One is a chic, upscale restaurant that was named the best new restaurant on Long Island by Newsday and has been praised by nearly every reviewer, including a New York Times restaurant critic.
The other is a New York City-style deli and market where local police officers and sheriff’s deputies, town workers and court employees often stop for a morning cup of Joe and a muffin.
Both are fresh, unique additions to Riverhead’s food scene.
That’s why the News-Review has named both The Riverhead Project’s proprietor Dennis McDermott and Off Main Market and Kitchen owners Kayleigh Van Vliet Baig and her husband, Tahir Baig, as its Business People of the Year.
The Baigs opened their market — where they sell everything from fresh baked banana bread to breakfast platters with kielbasa sausage to cheeseburgers on ciabatta rolls — at the site of the former Peconic Baking Company on Osborn Avenue in August.
This is the first business venture for the young couple, who have been married for less than two years.
Ms. Baig, a Riverhead High School graduate, takes classes at the Suffolk County Community College Culinary Arts school on East Main Street. Her husband previously ran a local gas station with family members.
Mr. Baig sold his share in the gas station and was able to invest that money in Off Main, said his father-in-law, Len Van Vliet.
And so far they’re pleased with what they have created.
“The food is different,” Mr. Van Vliet said of the menu, which the couple created themselves. “It’s something that is not really here.”
He said the whole Van Vliet clan pitches in to help, with Kayleigh and Tahir putting in countless hours every week.
One mile east sits a recently opened restaurant where, if East Main Street weren’t clearly visible outside its windows, patrons would swear they were in the Hamptons.
The Riverhead Project, where young and energetic waitstaff magically appear with new silverware the second your fork accidentally hits the ground, opened to much fanfare last spring.
But it was the cuisine that earned the eatery accolades from every public official in town and even a favorable write-up from the Gray Lady herself.

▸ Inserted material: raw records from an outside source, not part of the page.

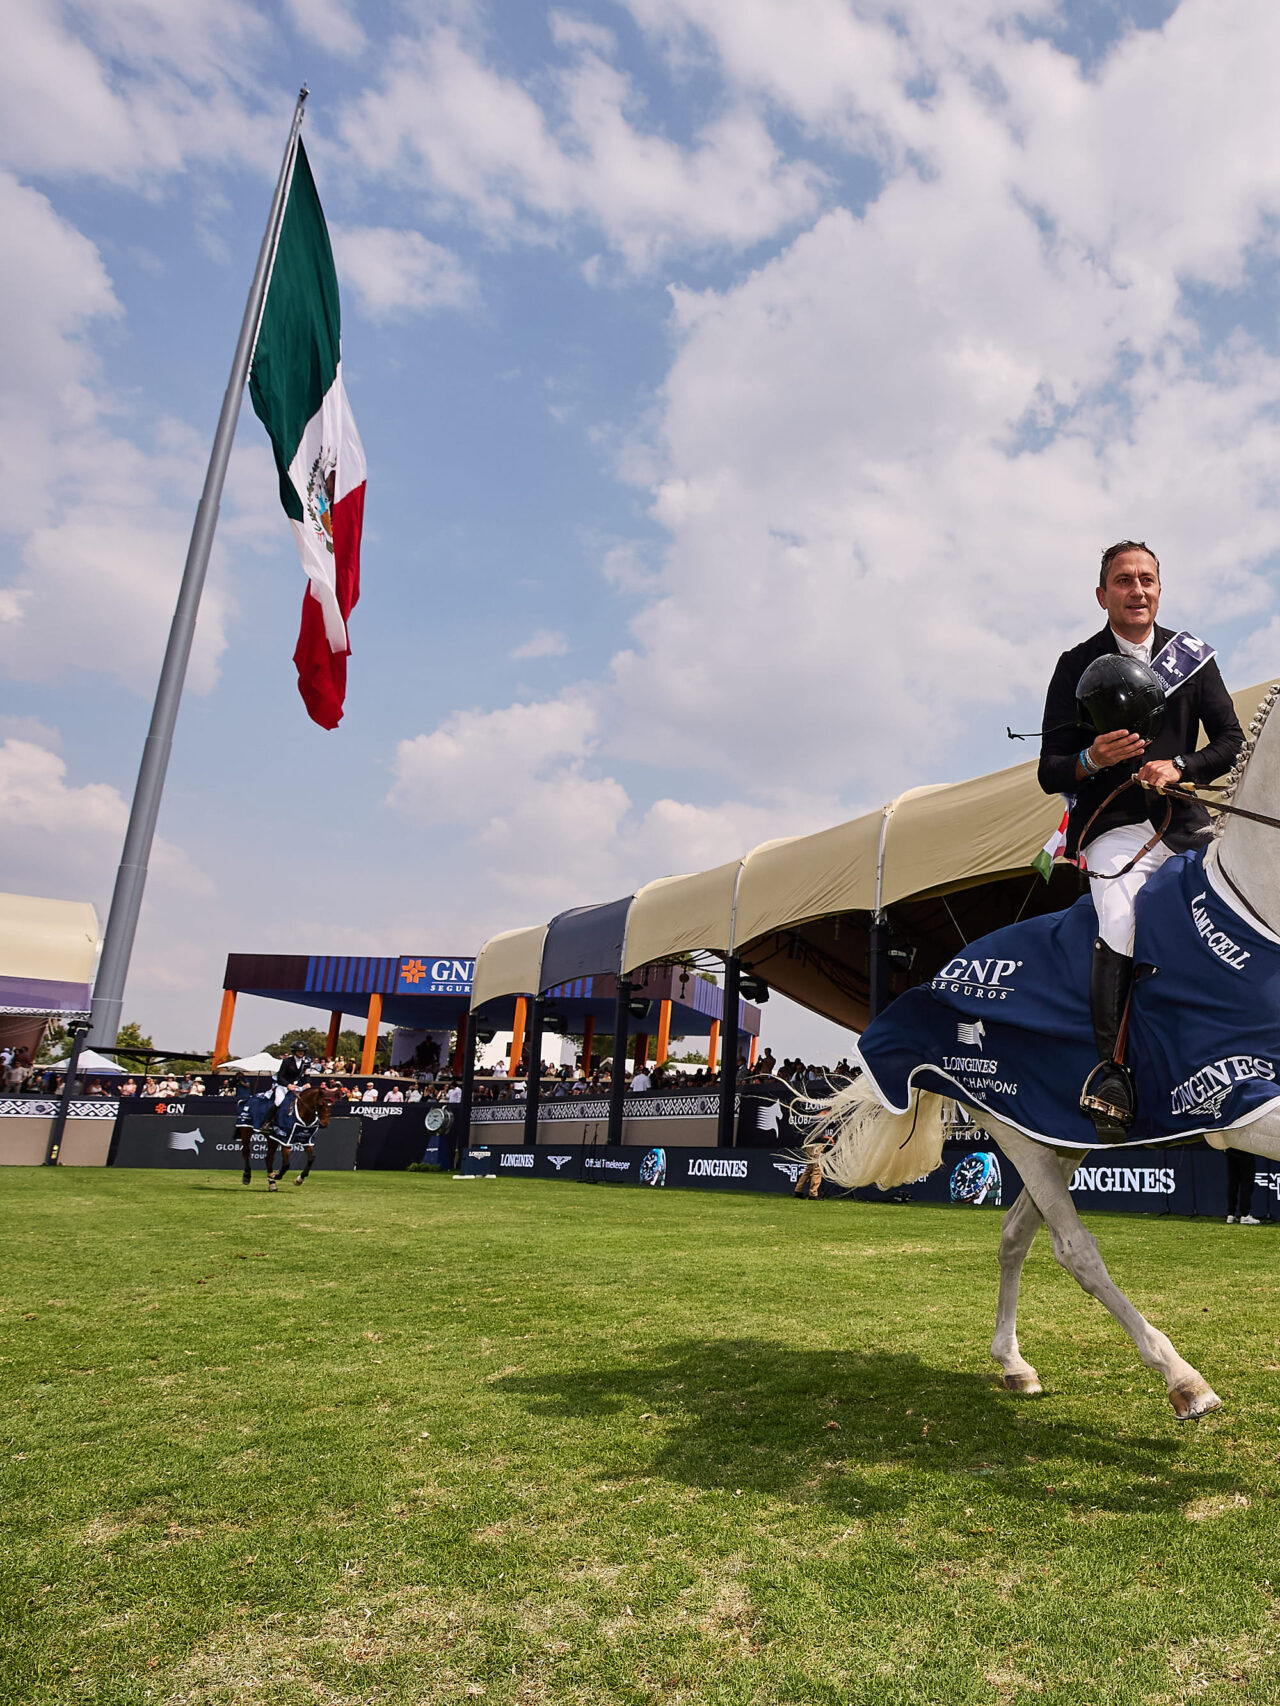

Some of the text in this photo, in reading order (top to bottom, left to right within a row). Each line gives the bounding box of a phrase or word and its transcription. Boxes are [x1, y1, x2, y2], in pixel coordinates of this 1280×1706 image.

[1191, 891, 1251, 970] LAMI-CELL
[931, 981, 1008, 999] SEGUROS
[942, 1056, 998, 1074] LONGINES
[350, 1106, 403, 1115] LONGINES
[500, 1154, 535, 1168] LONGINES
[687, 1159, 748, 1178] LONGINES

Mr. McDermott, formerly of the Frisky Oyster in Greenport, was also chosen by the Riverhead Chamber of Commerce as its Business Person of the Year for 2011.

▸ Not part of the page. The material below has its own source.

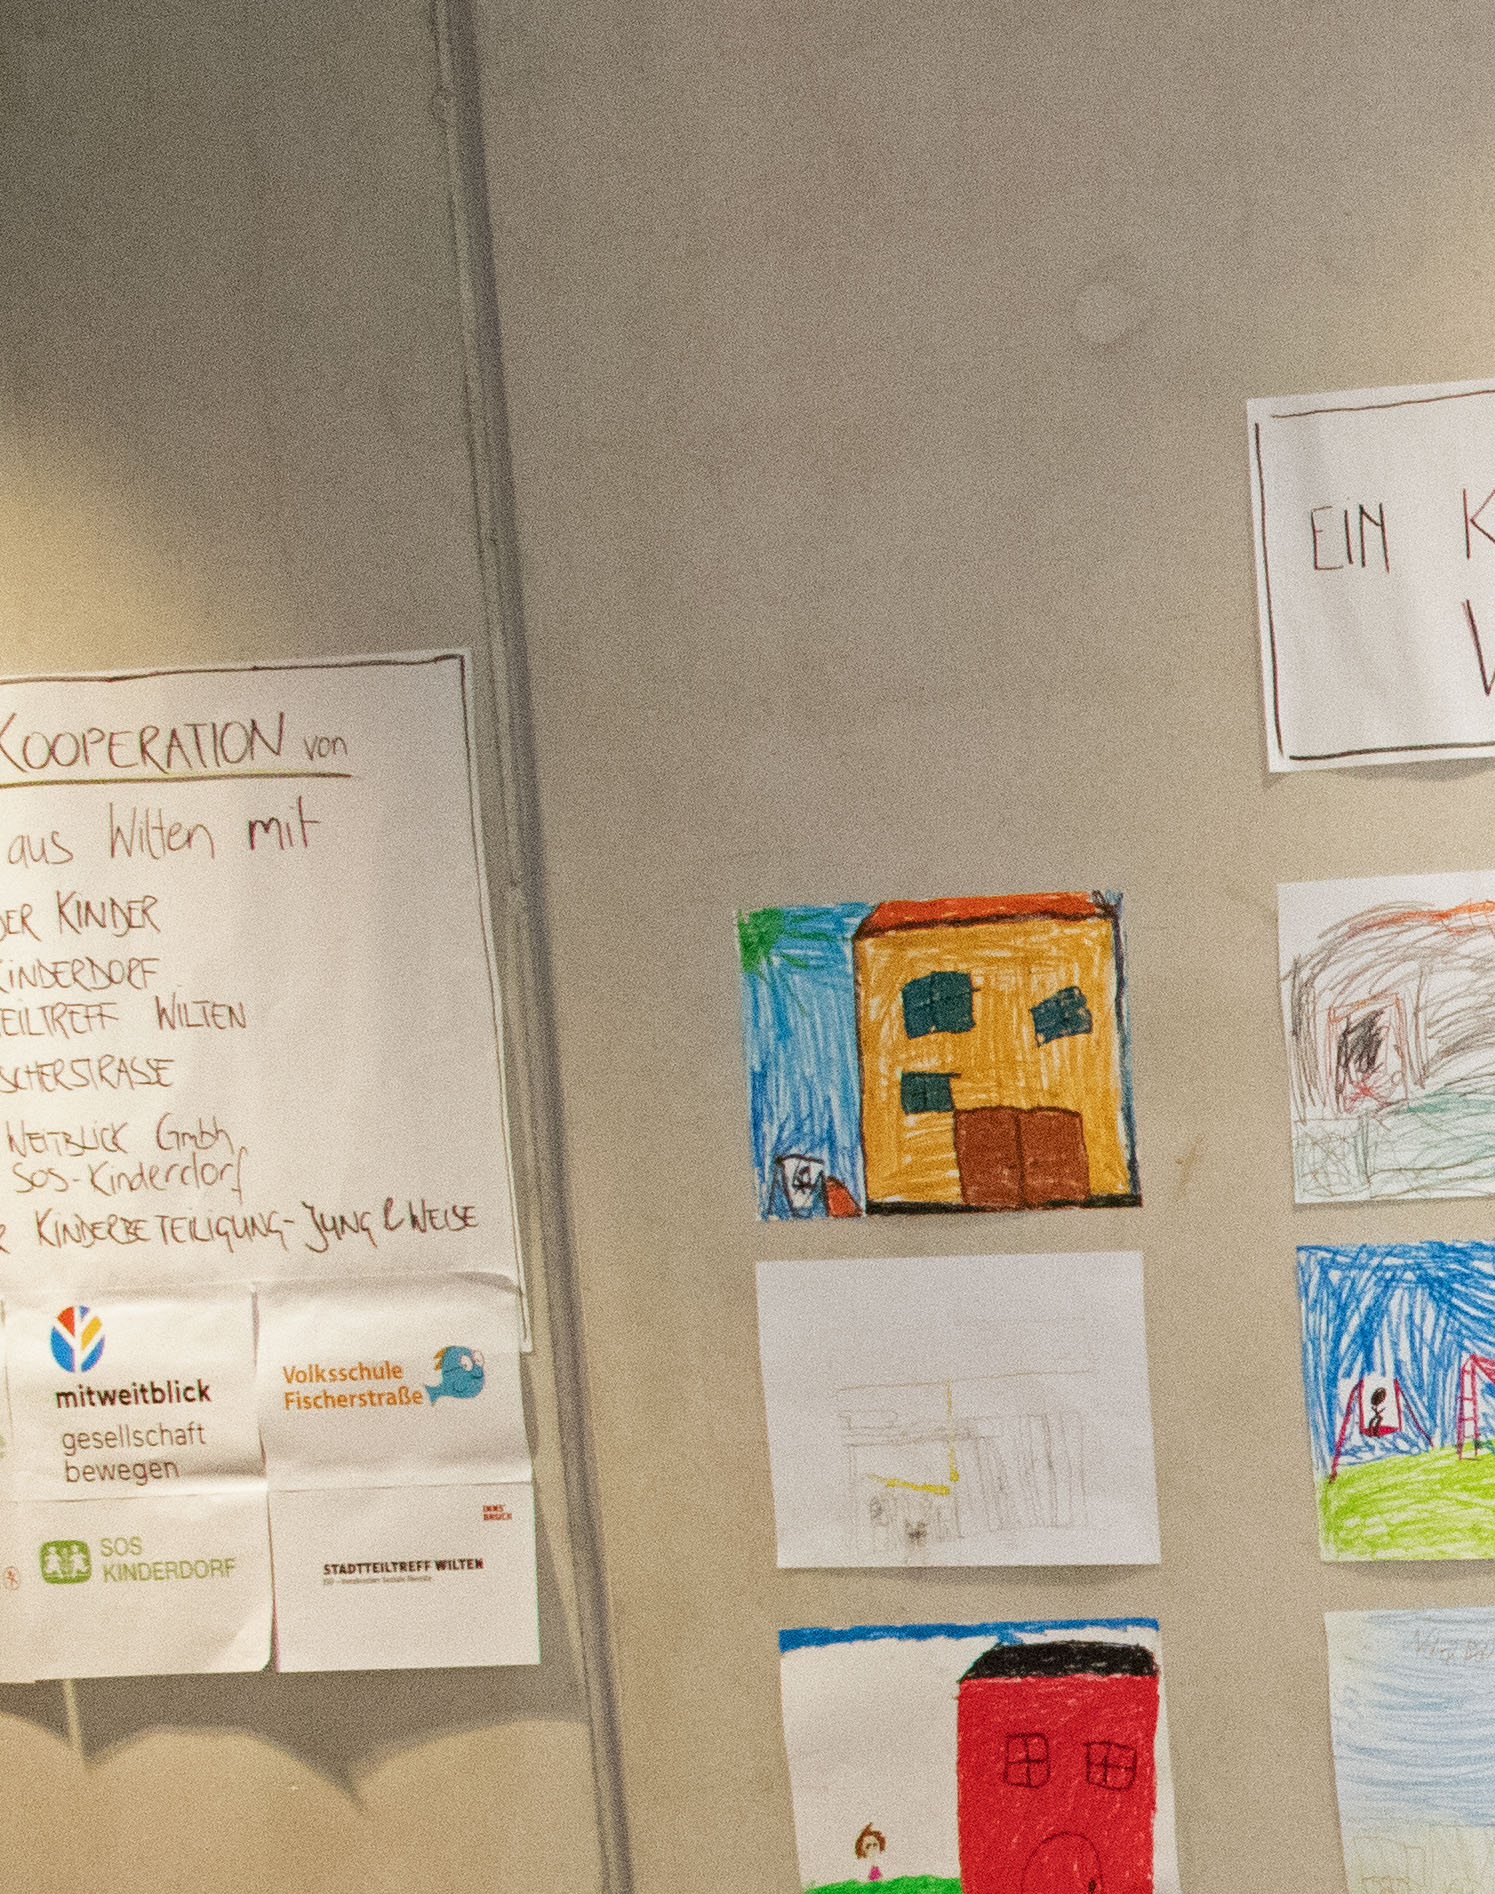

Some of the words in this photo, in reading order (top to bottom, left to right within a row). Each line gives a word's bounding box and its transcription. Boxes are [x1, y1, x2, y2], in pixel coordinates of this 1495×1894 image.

“Somebody has to be first to do something bold and different,” said chamber president and Tanger Outlets general manager Janine Nebons. “I think it helps ignite the flames for more reasons to come to Riverhead.”

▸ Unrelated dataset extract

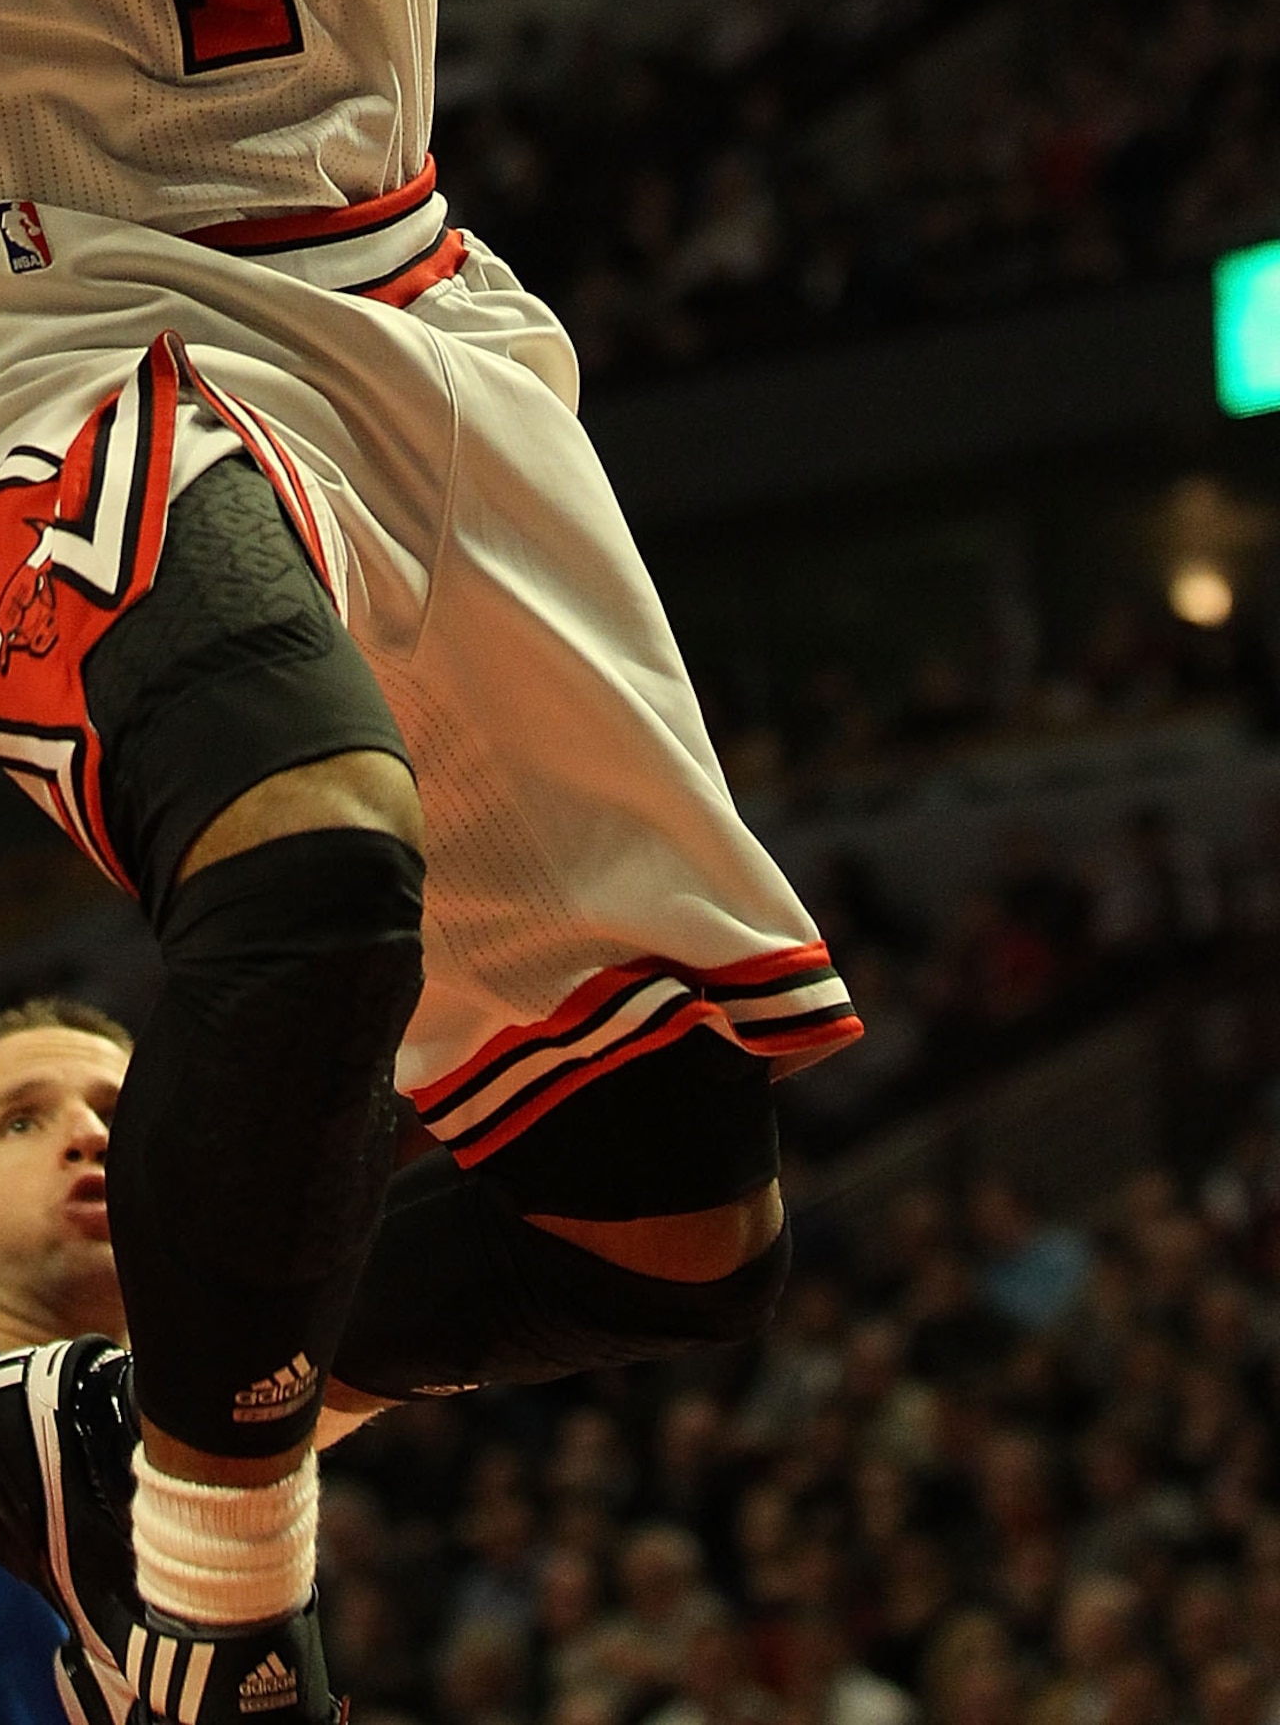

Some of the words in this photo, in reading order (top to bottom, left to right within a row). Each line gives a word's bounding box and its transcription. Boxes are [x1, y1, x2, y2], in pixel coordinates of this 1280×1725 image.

[12, 255, 40, 270] NBA
[233, 1364, 320, 1406] adidas
[238, 1666, 298, 1697] adidas

She attributed Mr. McDermott’s success to his affable personality, self-marketing skills and ability to manage his staff. That and, of course, the food.
“[People] will travel out of their way to go to a restaurant where they can buy terrific food and that’s true whether it’s in Riverhead or New York City,” Ms. Nebons said. “Where Dennis has made the difference is in aiming for a much higher end of the market.
“And believing in his own reputation.”